Corpus Projects at Kent

The future for corpora at Kent State

A. Student and faculty creation of sub-corpora, ad hoc corpora

B. Tagging and editing

C. Collocation dictionary or thesauri in other languages; a corpora-based multilingual collocation dictionary or multilingual thesauri

D. Personal concordances used as translation memories

E. Adapting and trading corpora with other translator-training programs

F. Creation of "learner corpora" (concordanced student translations) to assist faculty in material preparation, troubleshooting and      overcoming problems of directionality

G. Student use of corpora as aids in assessing translation quality

H. Bilingual digital libraries with hypertextualized works/parallel corpora/comparable corpora


Papers Presented at the 2008 ATISA Conference


Designing Corpus-based Translation Tasks for the Classroom: Considerations, Test Cases and Prospects
Kelly Washbourne     Spanish Translation   Assistant Professor

While electronic corpora have gained pride of place in many translator training environments in the last decade, scant critical attention has been focused on corpus analysis: in particular, how and what students learn from them, and the implications for autonomous learning.

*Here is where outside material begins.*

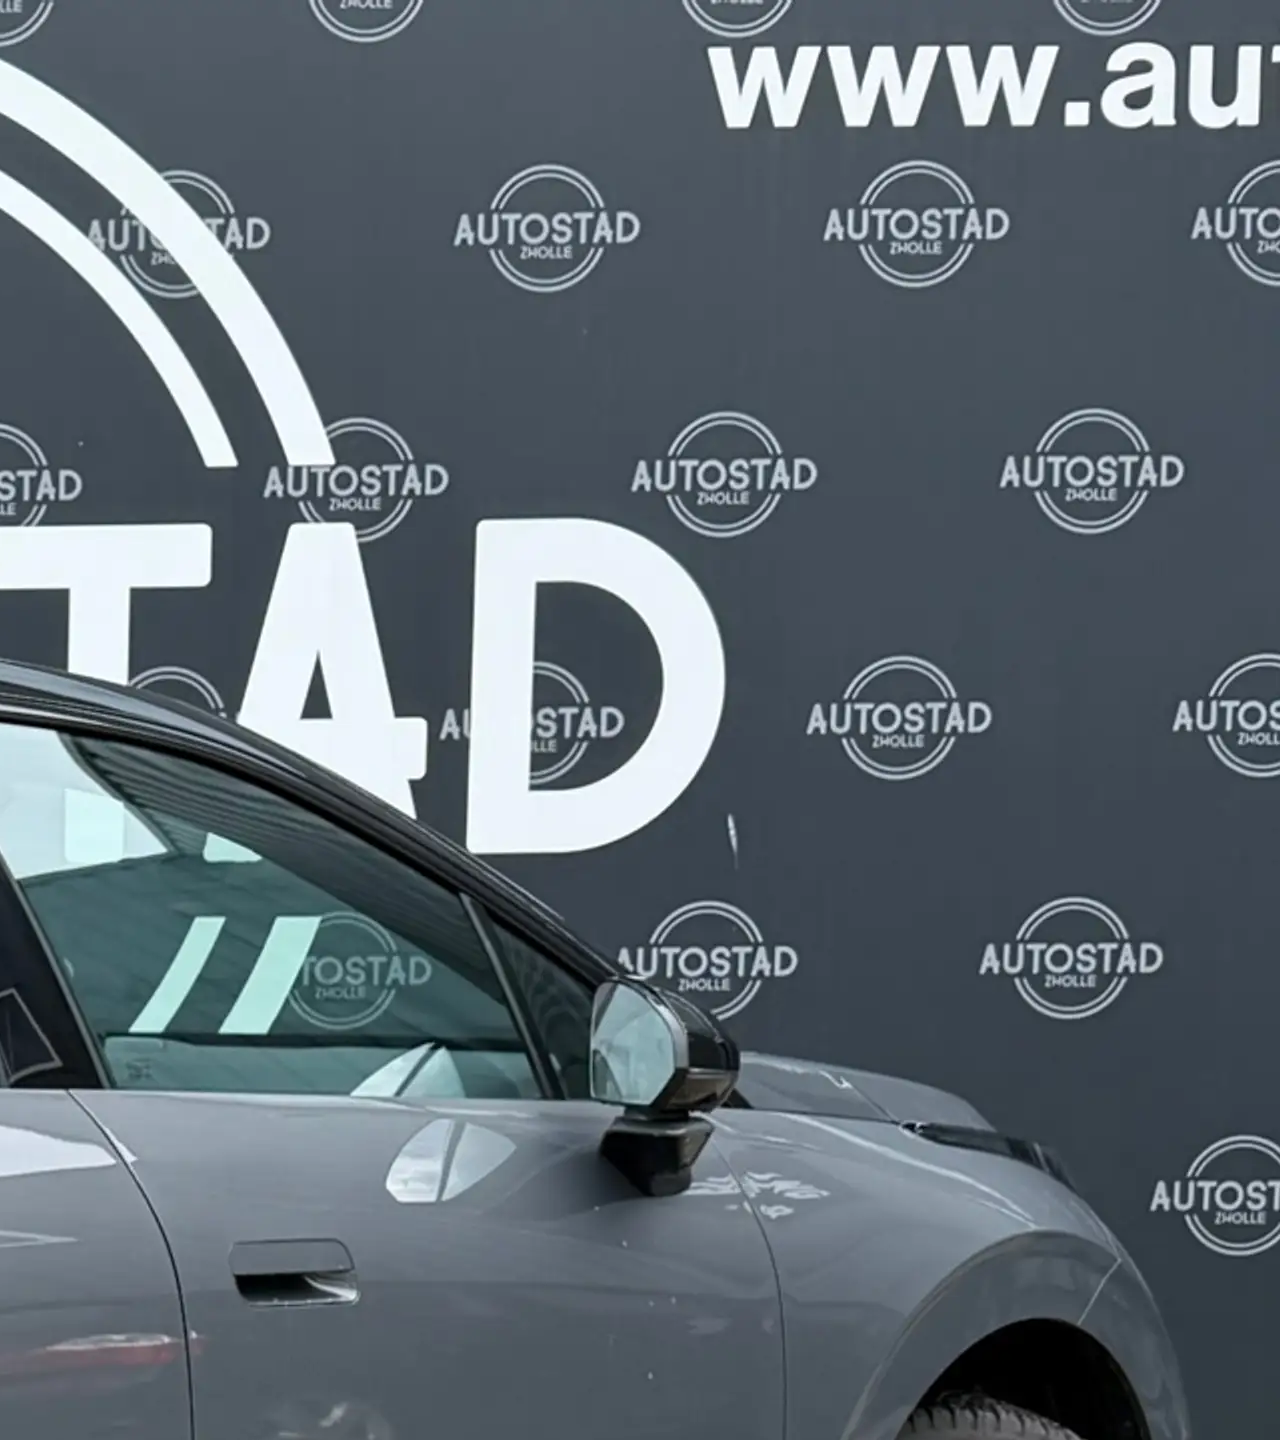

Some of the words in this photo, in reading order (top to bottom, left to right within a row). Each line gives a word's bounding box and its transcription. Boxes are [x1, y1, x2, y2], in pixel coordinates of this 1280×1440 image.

This paper seeks to demonstrate how aligned translation segments in translation corpora and KWIC (keyword in context) concordance lines in monlingual corpora can allow patterns to be discerned that reveal systems of choices—macrostrategies—employed by multiple writers or translators, thus testing empirically our  intitutions and received generalizations about translated texts. The multiple uses and foci of corpora for translator training will be surveyed: expert modeling, comparative near-synonym profiles, verification of intuitions, “feature extraction” of given text types and genres, register, contrastive syntax, collication, colligation (grammatical collication), neology, and LSP term extraction. Corpora may even be used for quality assurance—editing. Some sample tasks that incorporate the novice’s various learning processes, while showing corpora to be long-term teaching tools and guarantors of quality rather than ad-hoc problem solvers, will be presented. Finally, speculation about the future and upper limits of corpus use (irony, metaphor?) in the classroom will be offered, including the unmined potential for learning from learner corpora.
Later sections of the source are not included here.